Leadership engagement needed to drive health and safety
Organisations are experiencing unprecedented change as the workforce composition, the nature and place of work evolve rapidly, while expectations and risks around health and safety increase. However, fewer than one-in-10 businesses feel their leaders are spending enough time addressing these concerns.
Expectations for health and safety from employees, regulators, and boards of directors are continuing to rise in 2024. With greater awareness around the dangers of workplace accidents than ever before, the costs for organisations that fail to rise to the challenge will continue to increase for the foreseeable future as well.
While investment in health and safety is increasing to meet these demands, however, senior leaders are struggling to demonstrate their direct impact on health and safety policy. A new study from sustainability consultancy ERM has surveyed the opinions of 256 health and safety function leaders – and has found that this may be because of the rapid nature of change in the sector – with 72% of survey participants seeing a shift in the nature and scale of risks in their businesses over the last three years.
When asked which factors have driven the changing risk profiles faced by their businesses, the respondents were clear on what was the top issue at play. While the post-lockdown prevalence of hybrid working remains as a long-term issue – with firms struggling with how to adapt health and safety policies to extend to remote locations and people’s homes – it has fallen down the agenda.
To that end, hybrid working was listed by just 7% of professionals. At the same time, another relatively recent trend has also slipped down the pecking order. With the global M&A market having notably cooled in the last two years, a portion of 17% said that growth and decline in the business could relate to risks arising from mergers, acquisitions and divestitures.
Instead, clearly ahead of the rest, were risks relating to ‘modified activities’ – named by 27% of respondents. With hype around artificial intelligence and automation having reached new heights in the last year, many firms are rushing to implement the technology amid a sense of FOMO, rather than business need. This is leading to operational changes arising from the uptake that they did not adequately plan for. In fact more widely, this form of risk was so commonly shared that 50% of ERM’s respondents discussed increasing automation and the use of robotics in their interviews, even if they did not name it as their number-one risk.
The survey found that companies are investing heavily in health and safety in an effort to keep pace with the changes.

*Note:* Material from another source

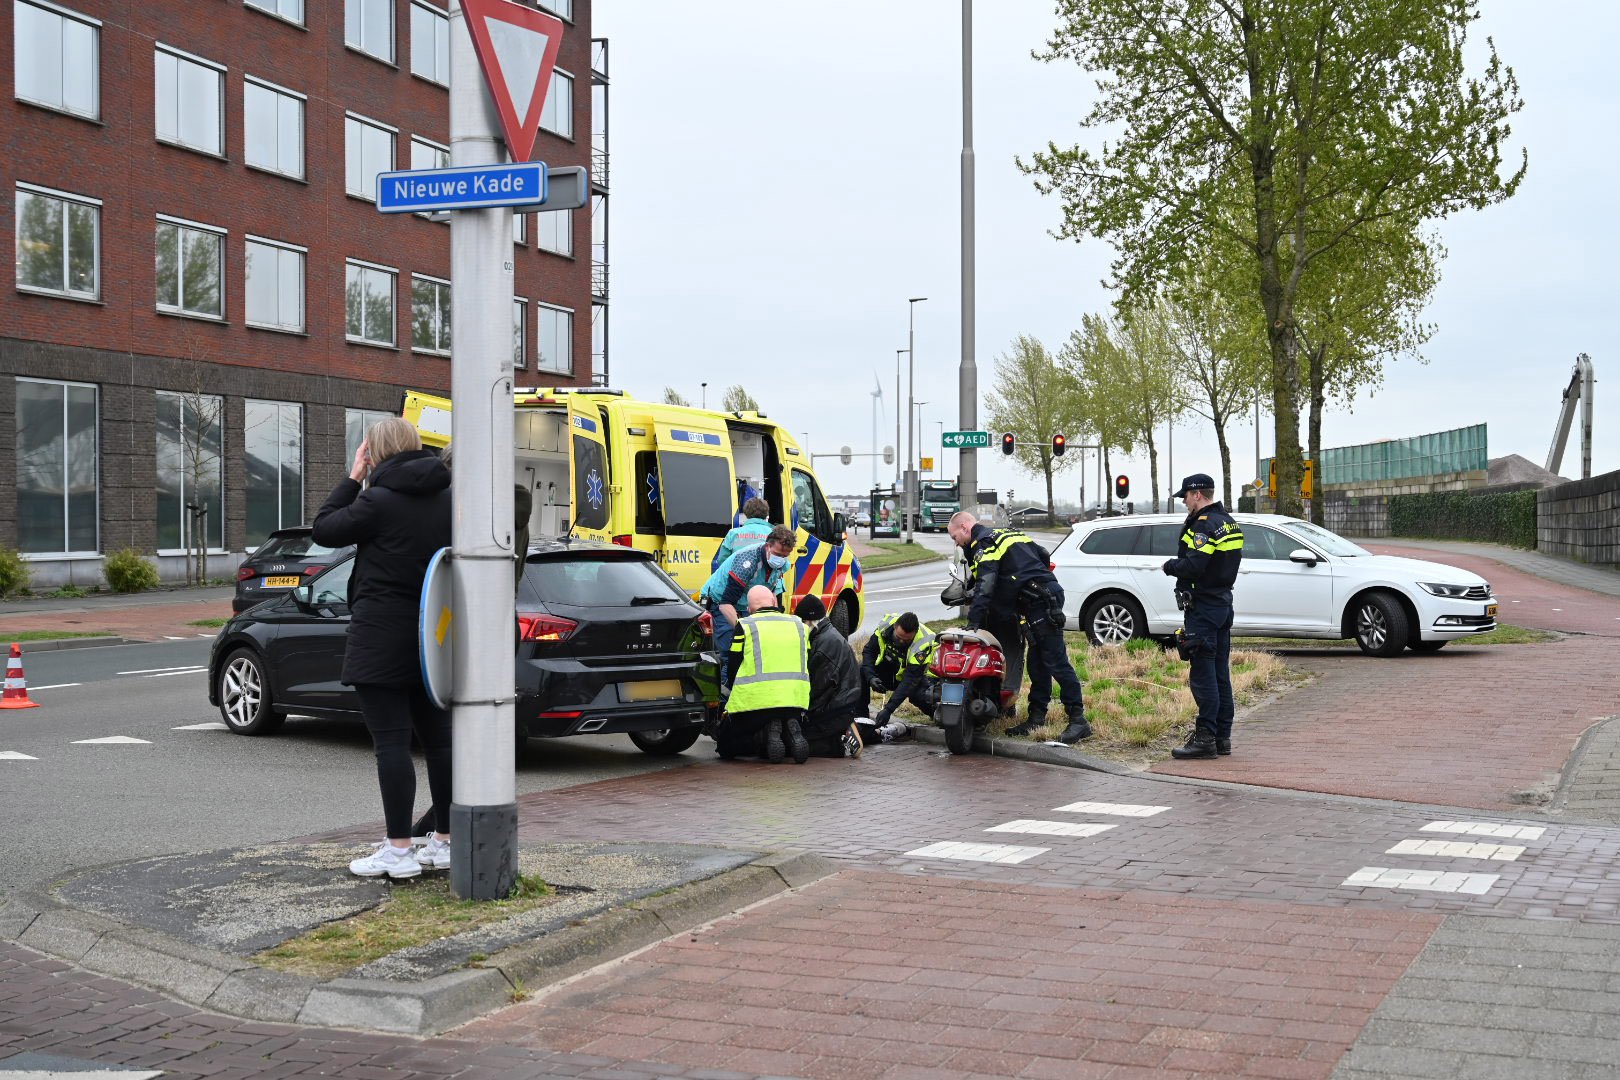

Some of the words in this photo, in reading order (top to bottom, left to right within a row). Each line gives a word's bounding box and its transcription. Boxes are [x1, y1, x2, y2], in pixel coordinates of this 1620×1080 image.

[394, 176, 468, 199] Nieuwe
[473, 173, 525, 194] Kade
[965, 434, 987, 444] AED
[266, 576, 297, 586] HH-144-F

Participants increased their spending on safety by 26% on average in the last three years – and anticipate a further 20% increase in the next three years. And to a degree, firms also see spending on technology as part of the solution to the risks exposed by their other investments on technology, with 88% of the survey participants deploying new technologies in the last three years including AI to improve health and safety performance. Not everyone agrees that this digital-centric method is a good idea though – and many clearly feel it is being used as a crutch to neglect the human duties of senior management.

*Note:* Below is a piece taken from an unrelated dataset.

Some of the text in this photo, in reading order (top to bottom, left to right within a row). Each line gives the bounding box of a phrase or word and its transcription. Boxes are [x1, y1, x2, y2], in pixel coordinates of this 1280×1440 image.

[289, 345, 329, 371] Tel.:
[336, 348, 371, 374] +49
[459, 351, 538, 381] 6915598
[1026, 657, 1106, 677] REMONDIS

An 87% majority of participants who spoke to ERM said they felt that leadership engagement was the most powerful way to drive improvement in health and safety performance. However, although 81% suggested leadership engagement in the last three years had grown, only 7% feel their leaders are spending sufficient time engaging with health and safety policies. In particular, middle-management – negotiating changes from senior management to be put into practice by frontline leaders – seemed most starved of time to spend on health and safety, with just 5% of respondents saying they did not think the group should spend more time on the matter.

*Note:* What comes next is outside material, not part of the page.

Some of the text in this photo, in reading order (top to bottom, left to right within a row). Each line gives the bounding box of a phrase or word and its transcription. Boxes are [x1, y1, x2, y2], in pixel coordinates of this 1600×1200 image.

Brian Kraus, safety transformation services director at ERM, said, "There is increasing complexity in protecting the health, safety and wellbeing of people at work arising from fundamental changes in the work, those engaging in the work and where the work is done. Our survey findings call for a pause for meaningful reflection on the way forward, not more of the same. Senior organisational leaders and the health and safety profession have a crucial role to play in leading the change in a context where expectations for the health and safety of the workforce from every stakeholder group continue to ratchet up, year on year, with no peak in sight."